Although you may know the story of the coat of many colors what you may not know is that one day, Jacob sends his favorite out to check on his brothers and his brothers decide to get rid of him. They want to kill him but Reuben intervenes along with the providence of God. They throw Joseph in a cistern and as they sit down to eat, contemplating what they should do with this brother of theirs, a caravan of Ishmaelites loaded with goods, on their way to Egypt happens by. So they decide to sell their brother Joseph to those in the caravan. What better way to get rid of him than by making a little money in the process!
When the caravan arrives in Egypt they in turn sell Joseph as a slave to a man named Potiphar, one of Pharaoh’s officials and captain of the guard. Joseph becomes a slave in Egypt but because of his ability in administration and God’s providence, the Bible says that the Lord watched out over him.
Genesis 39:2-6
Joseph was a gifted young man, not only with the ability to interpret dreams but he had the ability to lead others and administrate a large household financially and relationally. But because Joseph was well built, handsome and talented, that was when his troubles begin.
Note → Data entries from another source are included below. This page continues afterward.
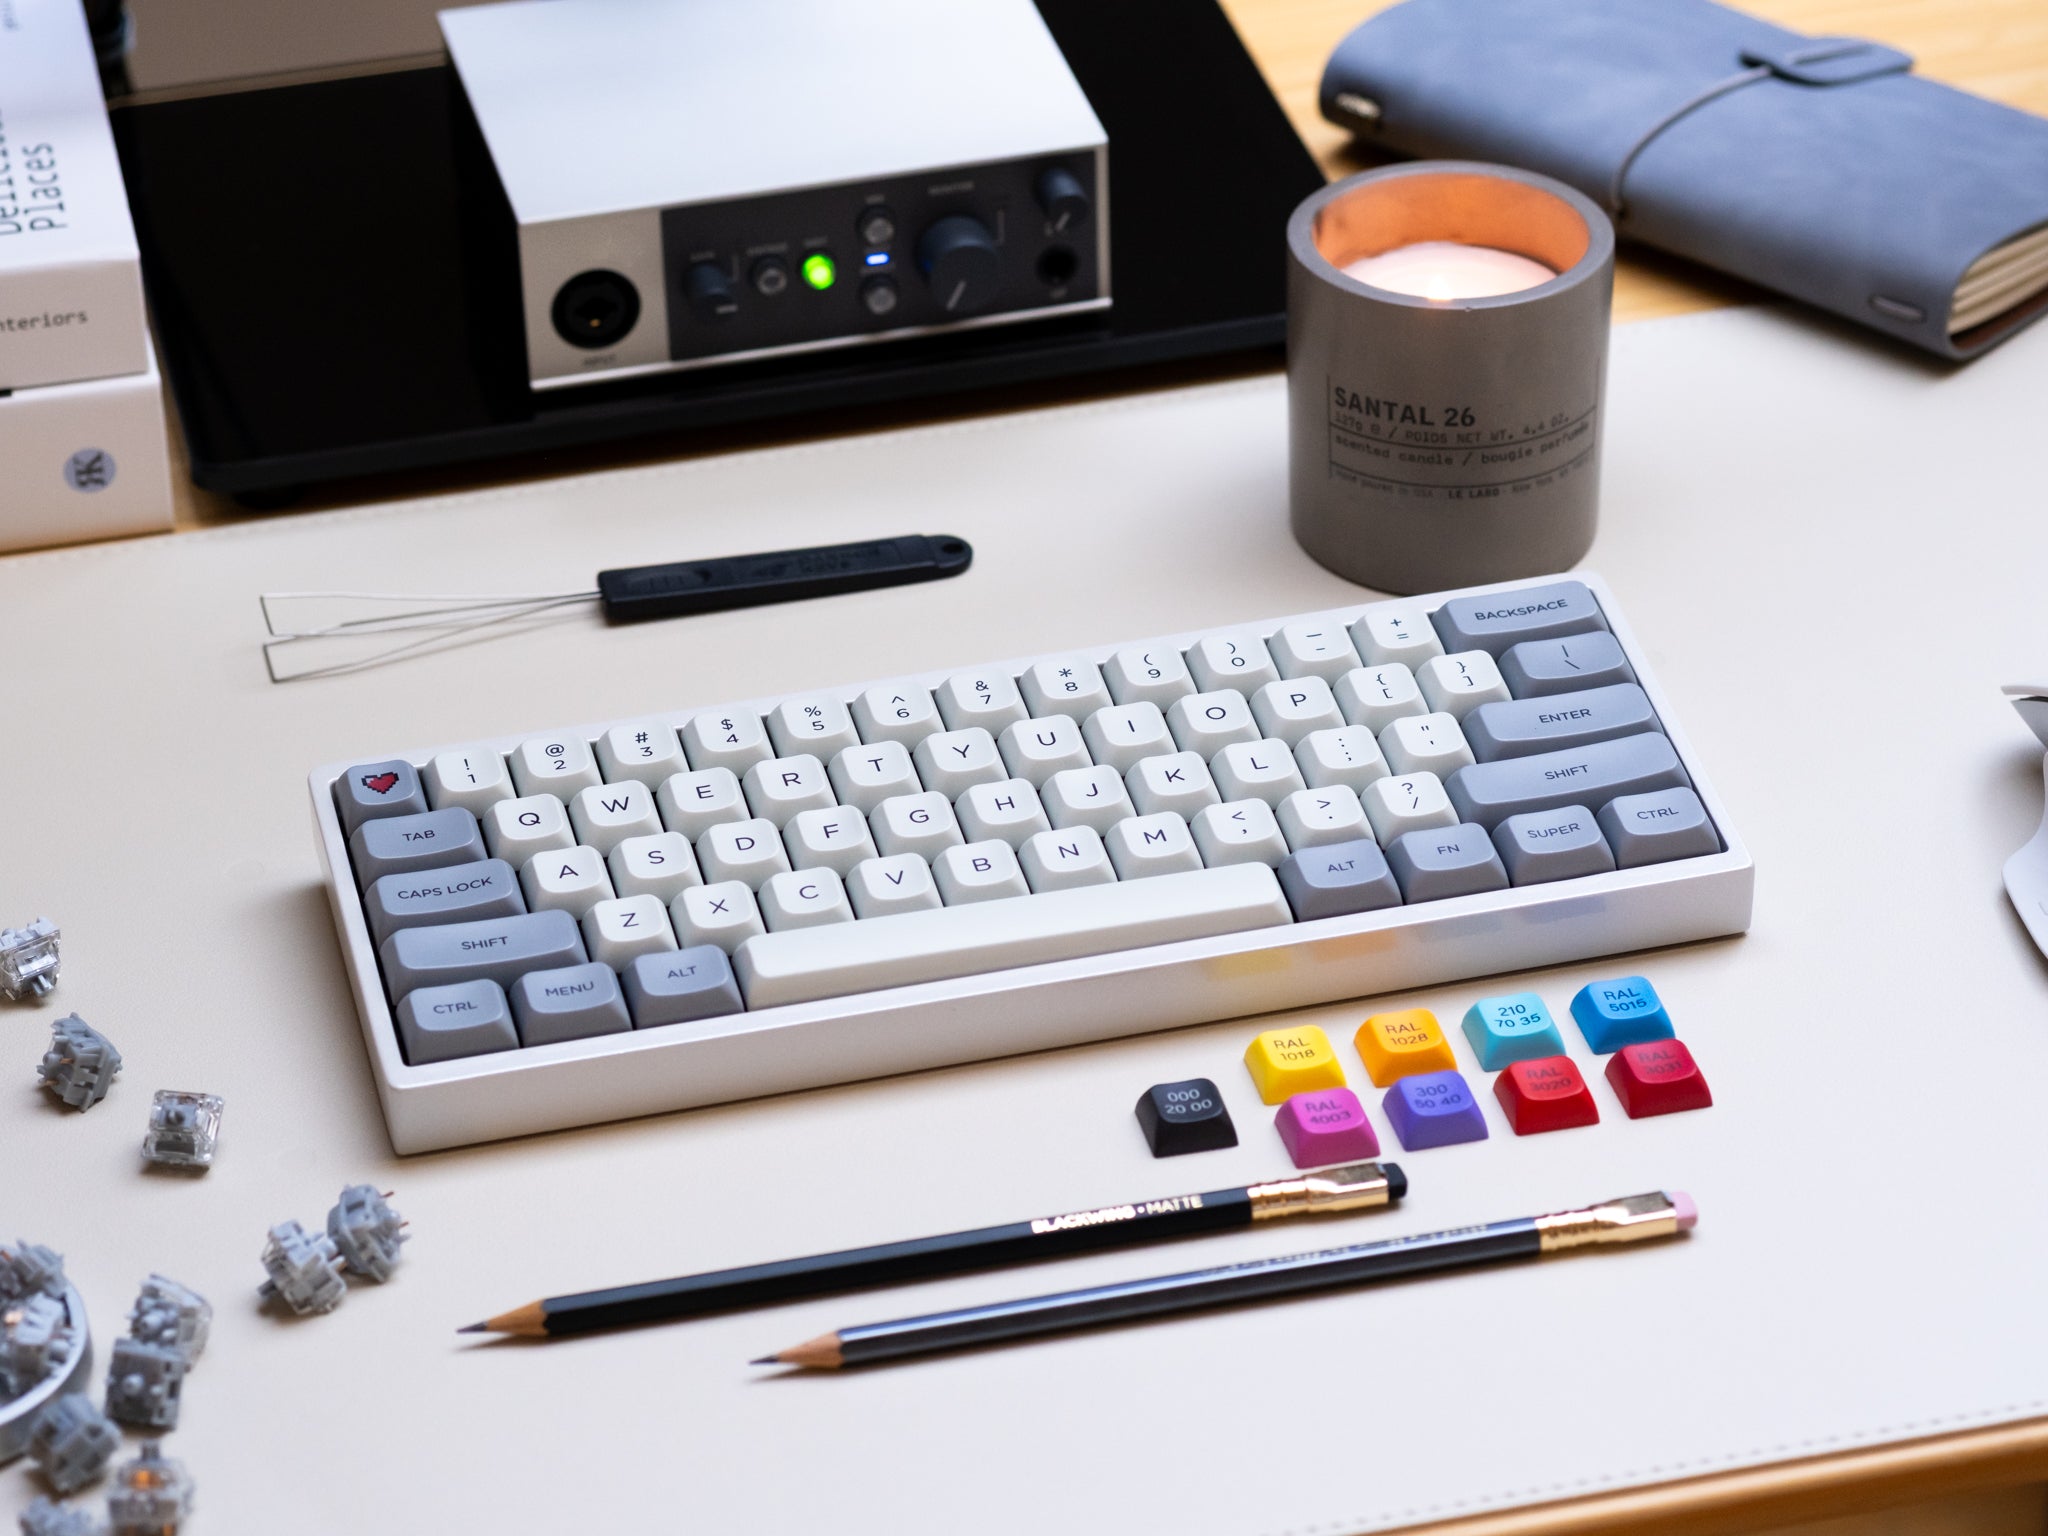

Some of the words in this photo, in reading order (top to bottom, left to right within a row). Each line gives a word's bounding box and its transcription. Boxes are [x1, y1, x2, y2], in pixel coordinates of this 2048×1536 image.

[22, 143, 67, 231] Places
[1335, 386, 1435, 426] SANTAL
[1444, 407, 1475, 427] 26
[1405, 430, 1448, 443] POIDS
[1457, 431, 1481, 443] NET
[1336, 435, 1390, 459] scented
[1399, 453, 1453, 465] candle
[1481, 447, 1533, 464] bougie
[1474, 599, 1569, 621] BACKSPACE
[1228, 643, 1235, 653] )
[1144, 654, 1152, 665] (
[1148, 669, 1160, 678] 9
[1457, 662, 1465, 673] }
[1377, 674, 1385, 685] {
[1465, 676, 1473, 686] ]
[976, 681, 989, 691] &
[1065, 682, 1077, 691] 8
[981, 695, 990, 704] 7
[1383, 689, 1392, 698] [
[1291, 694, 1306, 706] P
[805, 706, 821, 717] %
[897, 709, 909, 718] 6
[1206, 707, 1226, 719] O
[1539, 709, 1591, 723] ENTER
[721, 719, 733, 730] $
[813, 721, 824, 730] 5
[1128, 720, 1134, 732] I
[636, 732, 648, 743] #
[727, 734, 738, 742] 4
[1037, 732, 1056, 745] U
[545, 744, 564, 757] @
[640, 747, 652, 756] 3
[953, 745, 969, 758] Y
[464, 759, 469, 770] !
[554, 760, 566, 770] 2
[868, 758, 882, 771] T
[1251, 758, 1268, 769] L
[1165, 769, 1184, 782] K
[1545, 765, 1587, 779] SHIFT
[468, 774, 475, 783] 1
[782, 773, 801, 786] R
[696, 785, 713, 798] E
[1087, 783, 1098, 796] J
[1402, 783, 1413, 794] ?
[602, 797, 629, 812] W
[995, 796, 1014, 810] H
[1318, 800, 1330, 808] >
[1413, 797, 1418, 808] /
[519, 813, 540, 826] Q
[910, 810, 929, 823] G
[1232, 812, 1245, 820] <
[1637, 808, 1679, 819] CTRL
[403, 830, 435, 841] TAB
[824, 824, 838, 838] F
[1528, 823, 1580, 838] SUPER
[1144, 830, 1166, 844] M
[736, 838, 754, 850] D
[1438, 845, 1460, 854] FN
[1059, 844, 1079, 858] N
[648, 851, 664, 864] S
[973, 858, 991, 871] B
[1329, 861, 1354, 872] ALT
[560, 865, 578, 878] A
[886, 871, 903, 884] V
[398, 888, 442, 899] CAPS
[447, 877, 492, 893] LOCK
[800, 886, 818, 899] C
[709, 899, 728, 913] X
[621, 913, 638, 927] Z
[462, 937, 507, 949] SHIFT
[668, 966, 696, 978] ALT
[546, 981, 594, 996] MENU
[1603, 988, 1641, 1000] RAL
[434, 1002, 477, 1013] CTRL
[1498, 1004, 1526, 1016] 210
[1609, 998, 1647, 1011] 5015
[1495, 1019, 1516, 1028] 70
[1520, 1013, 1541, 1026] 35
[1385, 1022, 1422, 1034] RAL
[1273, 1037, 1311, 1049] RAL
[1391, 1033, 1429, 1046] 1028
[1280, 1049, 1316, 1061] 1018
[1638, 1050, 1676, 1062] RAL
[1527, 1066, 1564, 1080] RAL
[1167, 1088, 1200, 1102] 000
[1415, 1084, 1448, 1097] 300
[1441, 1094, 1462, 1105] 40
[1164, 1104, 1187, 1114] 20
[1190, 1098, 1213, 1112] 00
[1305, 1100, 1342, 1113] RAL
[1146, 1195, 1203, 1215] MATTE
Joseph has long been a model of integrity, self-control, and one who handles responsibility well. Listen to what happens.
Genesis 39:7-10
Even though for years we have considered Joseph a model of self-control, I was thinking about Joseph one night this week, and thought, maybe Joseph wasn’t as much tempted by Potiphar’s wife as he was scared of her. Maybe she was ugly. Maybe she was 400 pounds with greasy hair. Probably not, but I’m sure he was scared…but scared of the consequences more than he was of the woman. Maybe she was old, we know he was young. But this flirting situation one day goes beyond flirting.
Genesis 39:11-12
Maybe the reason he ran was a combination of both fear and weakness. Maybe he knew he was weak and so he ran. Maybe the way Joseph dealt with temptation is the way we should deal with temptation…maybe we should fear the temptation instead of finding ourselves excited and allured by the temptation. Maybe we should run because we can admit we are weak. Maybe we should fear the consequences of God a little more.
As we think about Joseph’s plight and how he dealt with temptation, lets learn some applicable lessons we can begin to practice in our life today and lets start the New Year out right by committing today to develop strategies in our life to confront the temptation we are bound to face in 2006.
There are 5 strategies we can use to confront temptation in our lives.
5 Strategies to Confront Temptation
1. First, Beware of when you are weak and of what makes you weak.
It helps if you can understand when you are more susceptible to temptation. Most of us are more susceptible to temptation when we are weak, down, overburdened, dejected, and rejected. For me, when I am tired I am much more apt to lose self-control. Know what makes you weak and learn to recognize it when it arrives.
Joseph was weak too…he was rejected by his family, burdened with slavery, and alone in a foreign land. I wonder if Joseph, because he was so alone and so dejected, enjoyed her attention and her compliments…and maybe in a house filled with servants, he placed himself in too vulnerable of a position. Maybe, like some Joseph enjoyed being strong…he found confidence in turning down her propositions until one day…he wasn’t strong…and when she grabbed him he felt a thrill of anticipation, a surge of excitement and he felt his strength drain from him and he knew he had to run and run fast.